L’adolescent parut réfléchir et prendre une décision. Mais, au moment où il allait parler, la porte claqua contre le mur et Bran fit irruption dans la pièce. Le visage de Kit s’illumina. Il balaya la pièce du regard. « Jack ? Pourquoi tu m’as fait appeler ? Ca avait l’air urgent… » Sa phrase s’interrompit lorsqu’il aperçut son petit disciple tout pâle qui récupérait sur le canapé. « Kit, tu vas bien ? S’inquiéta le jeune homme. Où est Rielle ? » Jack poussa un soupir en constatant qu’il était passé à un cheveu de connaître l’histoire mais qu’il devait encore faire preuve de patience en attendant que le petit raconte tout à son ami. Avant, il lui fallait rassurer ce dernier.

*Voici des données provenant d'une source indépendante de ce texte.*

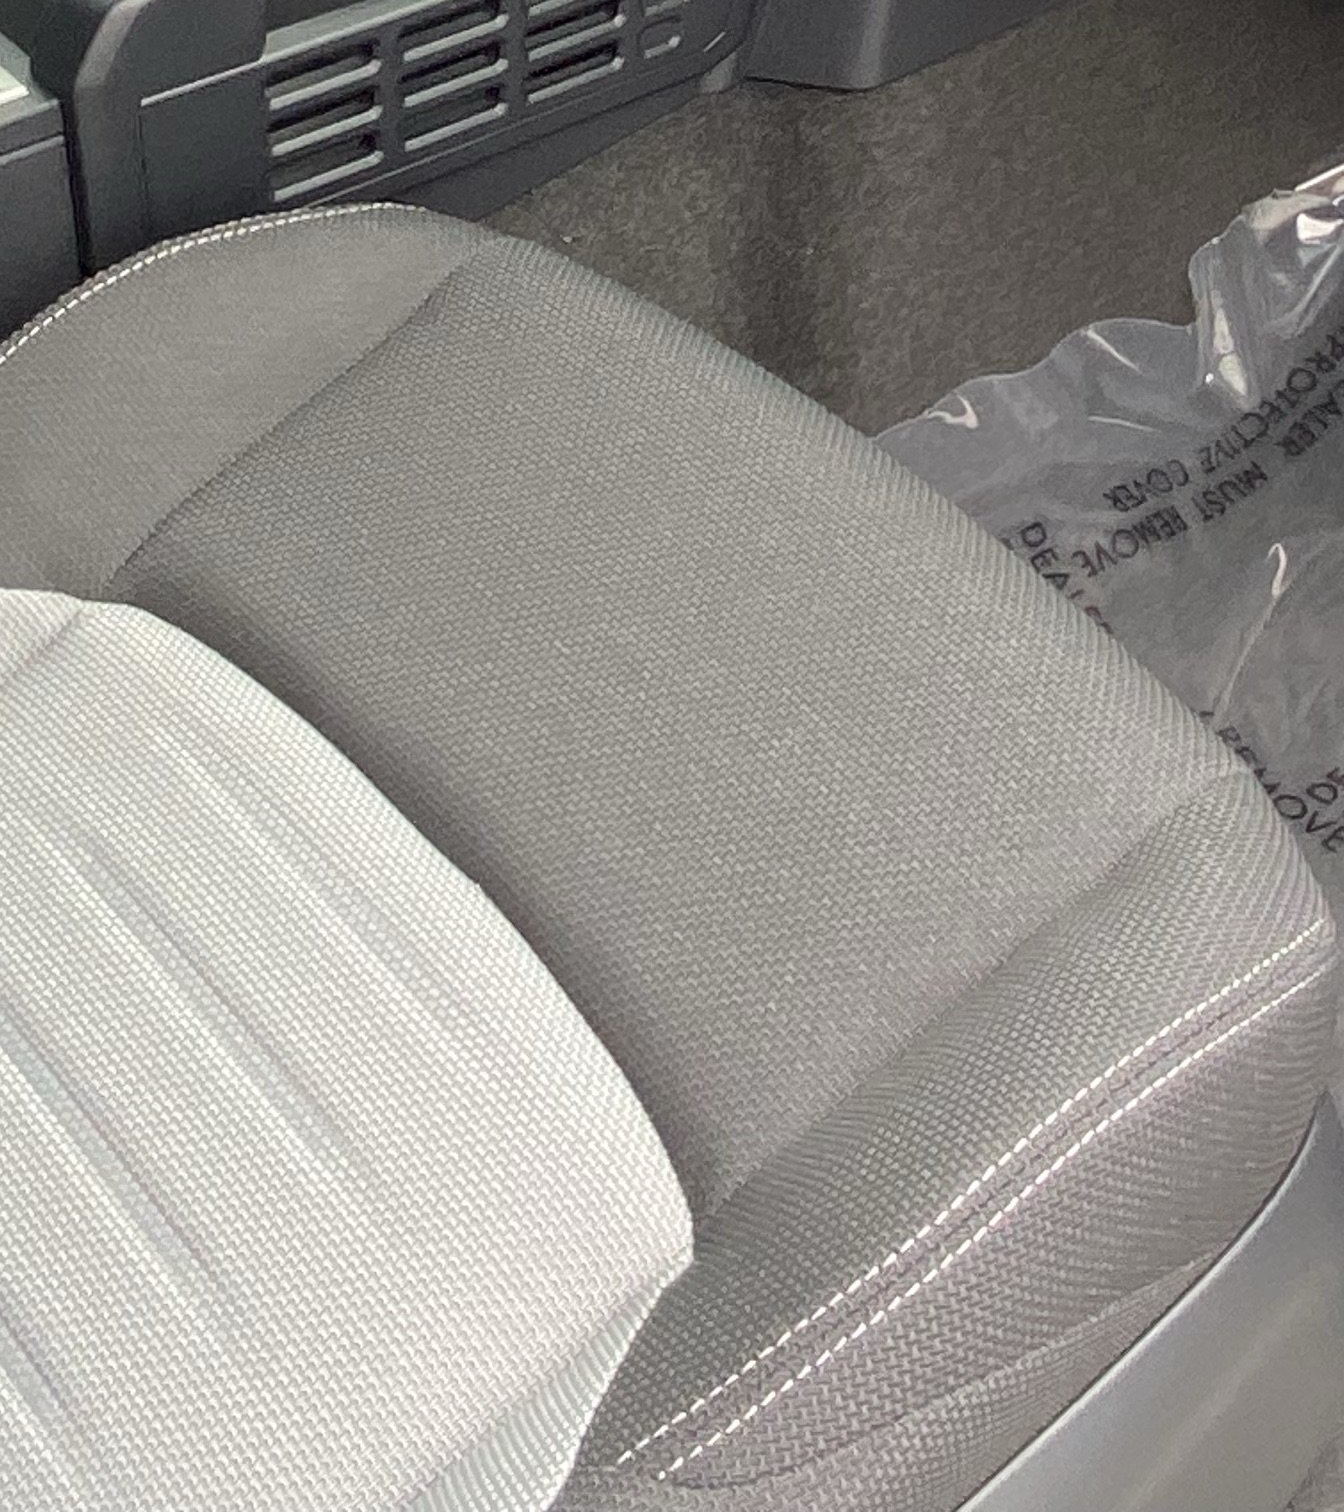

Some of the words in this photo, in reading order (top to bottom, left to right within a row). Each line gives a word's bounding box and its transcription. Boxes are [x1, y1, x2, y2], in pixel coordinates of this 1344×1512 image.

[1102, 458, 1189, 513] COVER
[1191, 460, 1268, 522] MUST
[1070, 504, 1188, 578] REMOVE
[1020, 521, 1114, 633] DEA
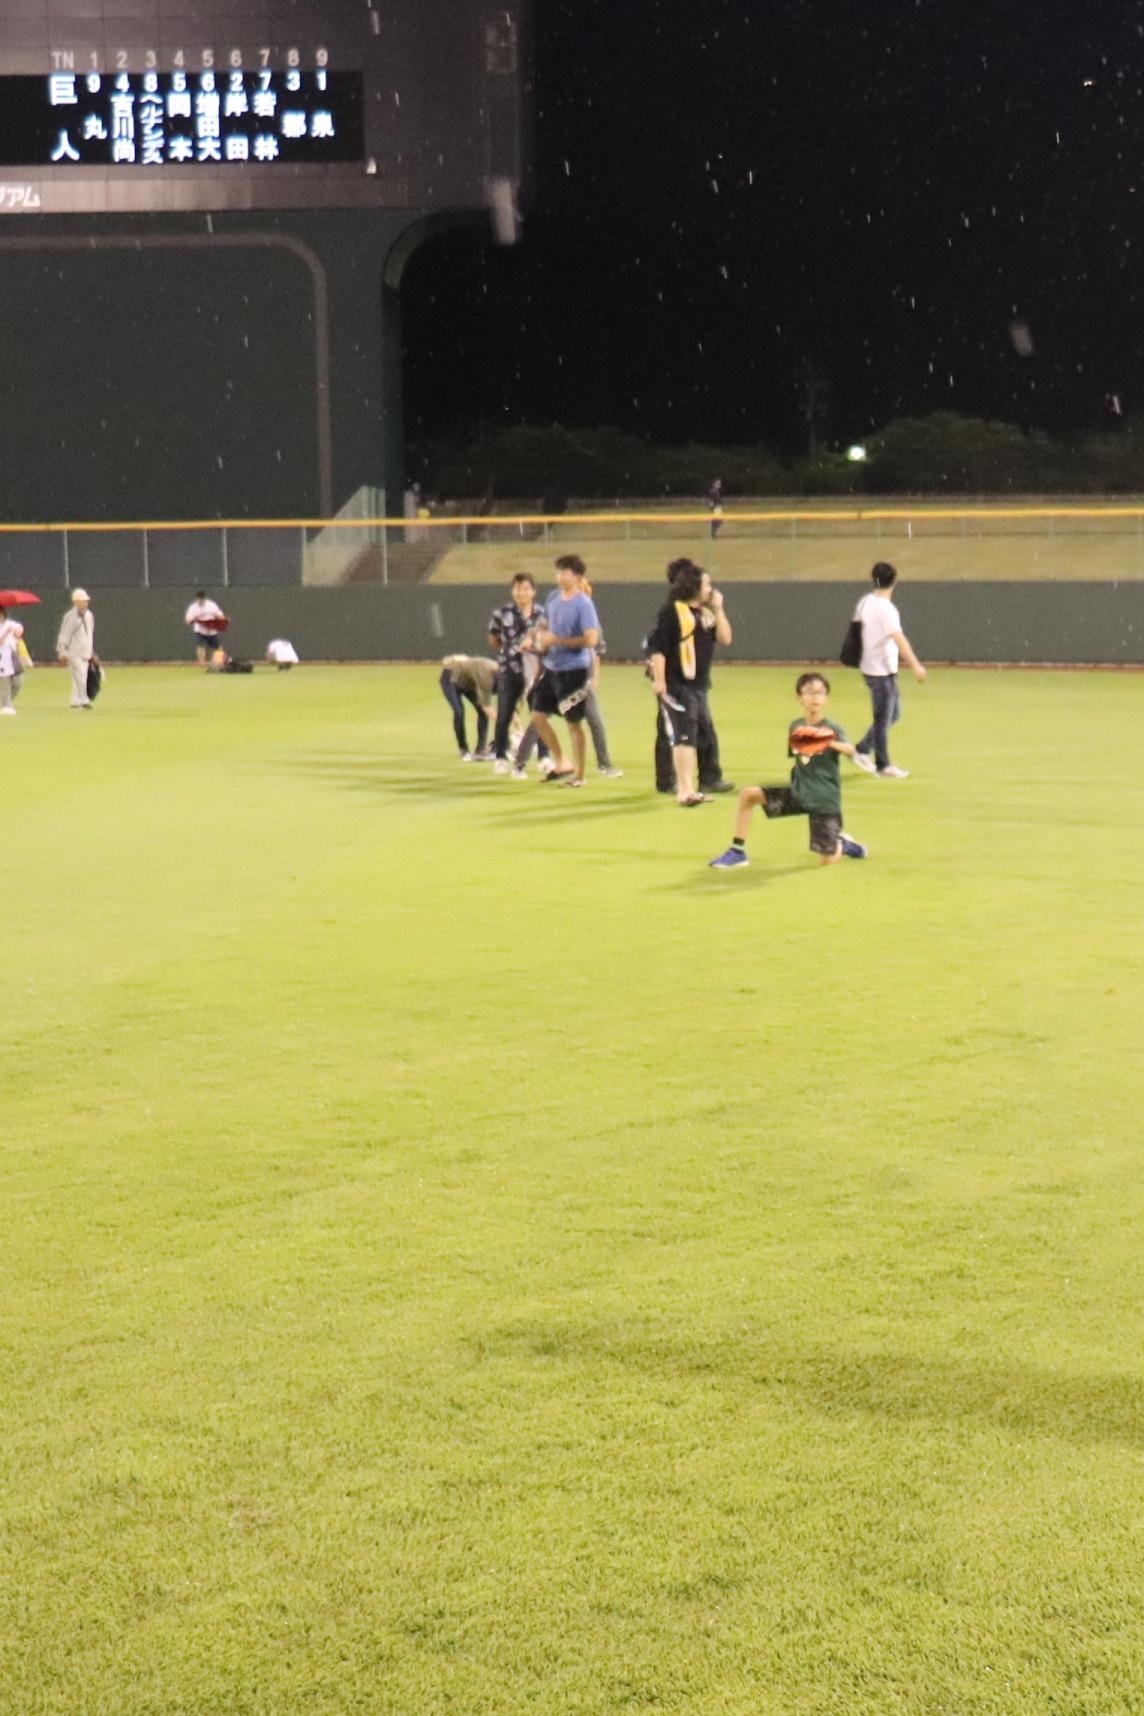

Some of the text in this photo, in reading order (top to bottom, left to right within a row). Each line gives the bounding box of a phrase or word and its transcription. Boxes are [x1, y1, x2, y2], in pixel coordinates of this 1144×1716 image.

[90, 51, 98, 69] 1
[117, 50, 129, 69] 2
[145, 50, 157, 68] 3
[174, 50, 185, 68] 4
[202, 49, 215, 68] 5
[230, 49, 243, 67] 6
[259, 48, 271, 67] 7
[287, 48, 300, 67] 8
[315, 48, 329, 67] 9
[86, 70, 327, 93] 9 4 8 5 6 2 7 3 1
[49, 74, 80, 161] 巨人
[84, 115, 108, 140] 丸
[253, 89, 279, 161] 若林
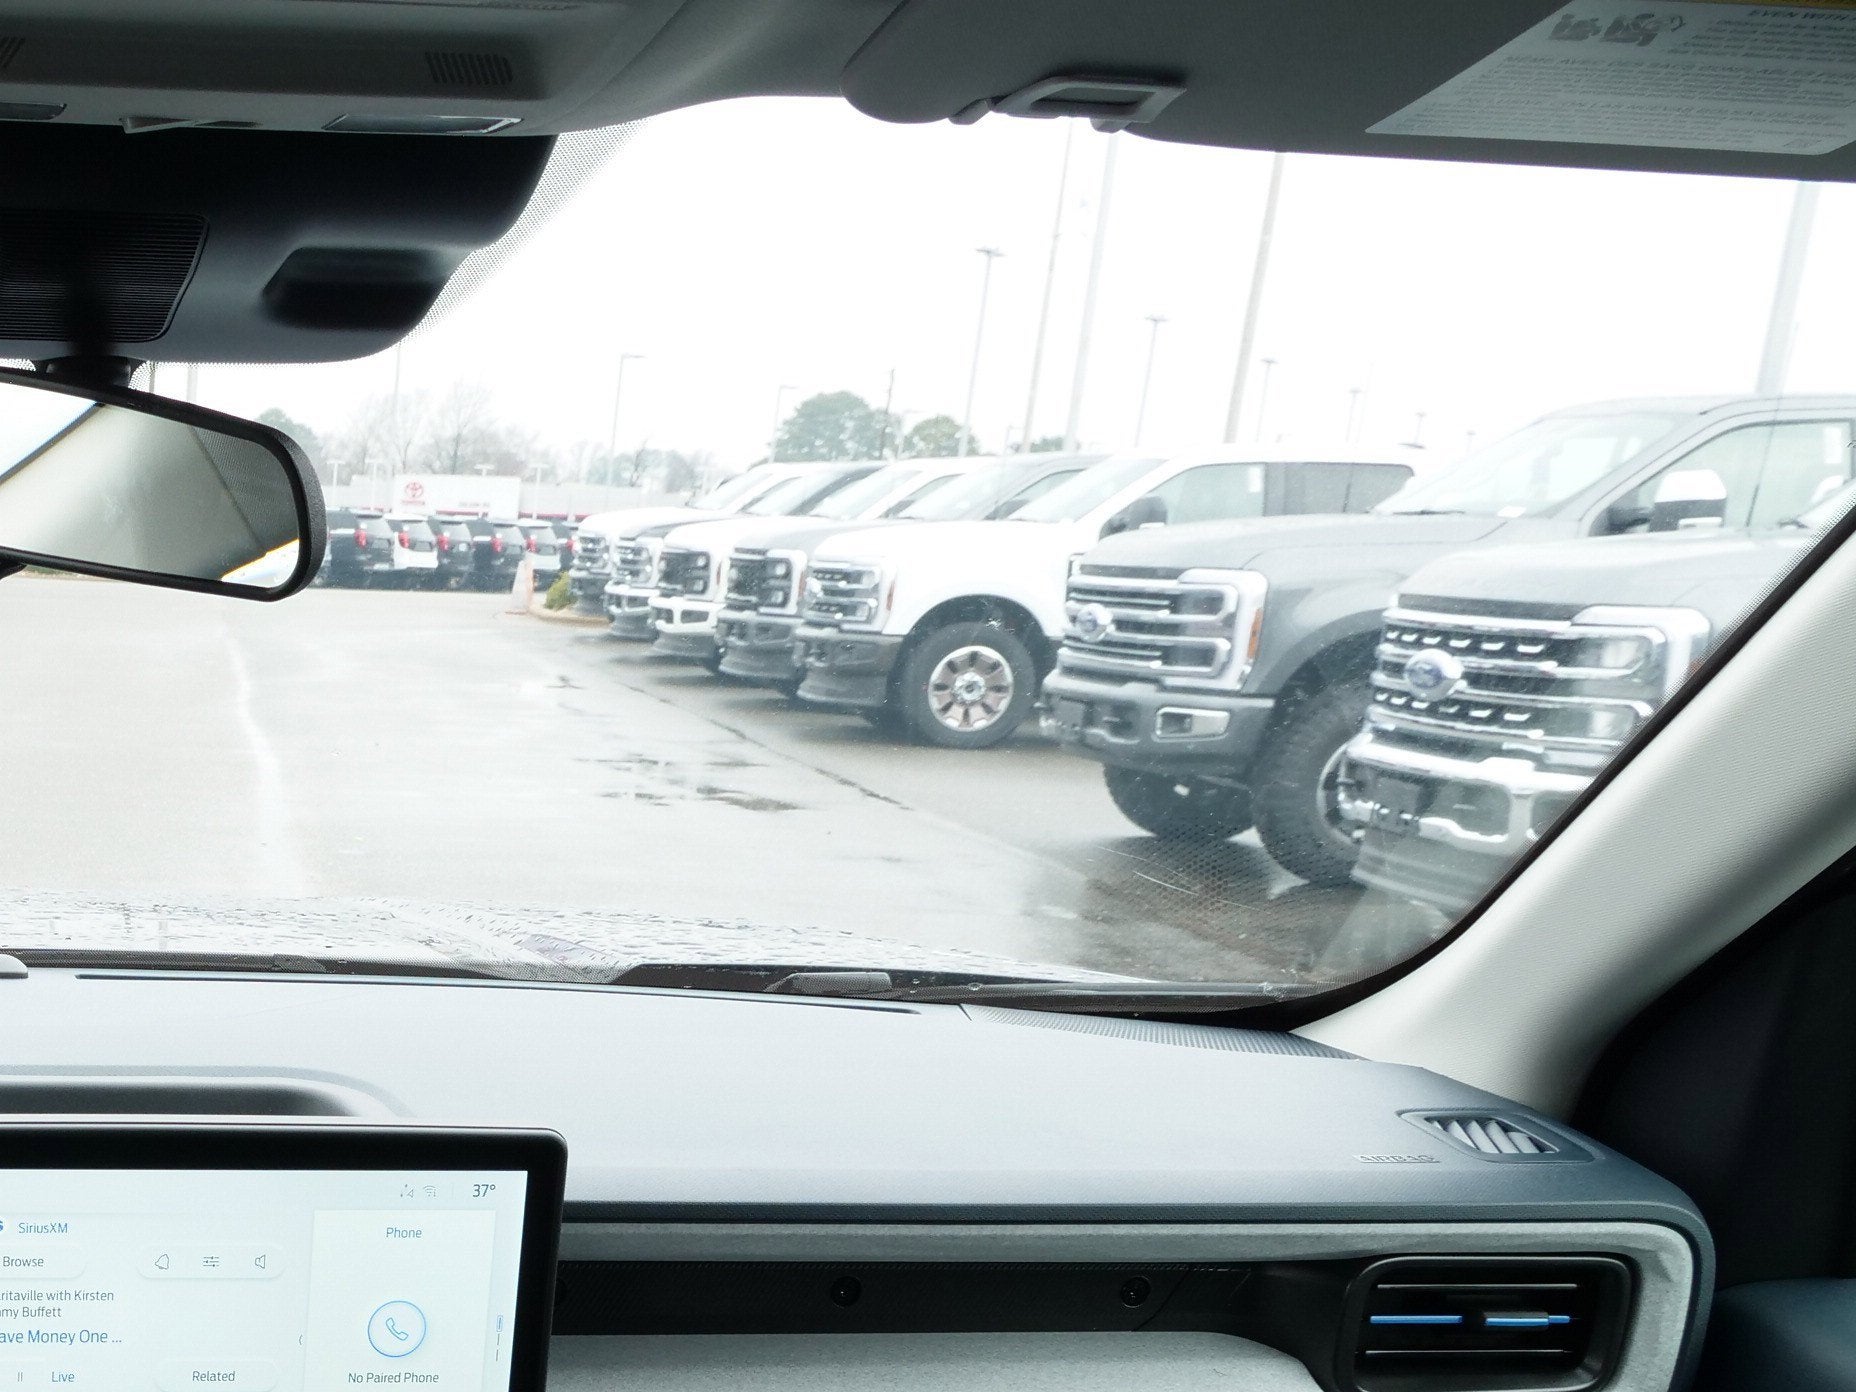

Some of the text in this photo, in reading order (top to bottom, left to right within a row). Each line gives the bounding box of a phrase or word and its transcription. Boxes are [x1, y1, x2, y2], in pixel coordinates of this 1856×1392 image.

« Mais oui, il va bien, répondit le rancher avant que le garçon ait eu le temps d’ouvrir la bouche. Il est juste un peu secoué et il en a demandé un petit peu trop à son corps. On dirait qu’il a couru plusieurs dizaines de kilomètres depuis ce matin ! Et aussi qu’il a pris un vilain coup derrière la tête.
– Couru ? Répéta Bran qui avait eu du mal à savoir si Jack plaisantait ou pas.
– Et pris un coup sur la tête, compléta son employeur d’un ton badin.
– Ne t’inquiète pas, intervint Kit. Je vais bien. Mais il faut que tu m’aides ! Ils ont enlevé Rielle et il faut qu’on la retrouve vite !
– Comment ça « ils ont enlevé Rielle » ? Et qui ? »

Le jeune homme attrapa une chaise sur laquelle il s’installa nonchalamment à l’envers et accorda toute son attention à l’adolescent. Ce dernier fit un effort pour rassembler ses idées et raconta à Bran – et, de fait, à Jack également – ce qu’il s’était passé lorsque la petite créature bleue et lui étaient retournés à l’hôtel de sa mère, à Bourgétoile. Il raconta les courses poursuites dans la ville, comment il avait essayé de gagner du temps pour Rielle mais qu’elle était venue lui prêter main forte à la place et comment elle s’était effondrée par terre à cause des armes des mystérieux hommes en uniformes, avant que lui même ne perde connaissance. Il raconta ensuite rapidement qu’il s’était réveillé dans sa chambre avec le Docteur Sam et sa mère et qu’il avait décidé de venir chercher Bran au ranch. « Et donc, tu as couru jusqu’ici juste après avoir repris conscience ? S’étonna Jack qui agissait comme si c’était à lui que Kit s’adressait.
– Oui, il faut faire vite, confirma le garçon.
– Pfiou ! Ce n’est pas étonnant que tu sois tombé par terre en arrivant alors. » Commenta le rancher en grattant ses favoris roux qui tiraient sur le gris.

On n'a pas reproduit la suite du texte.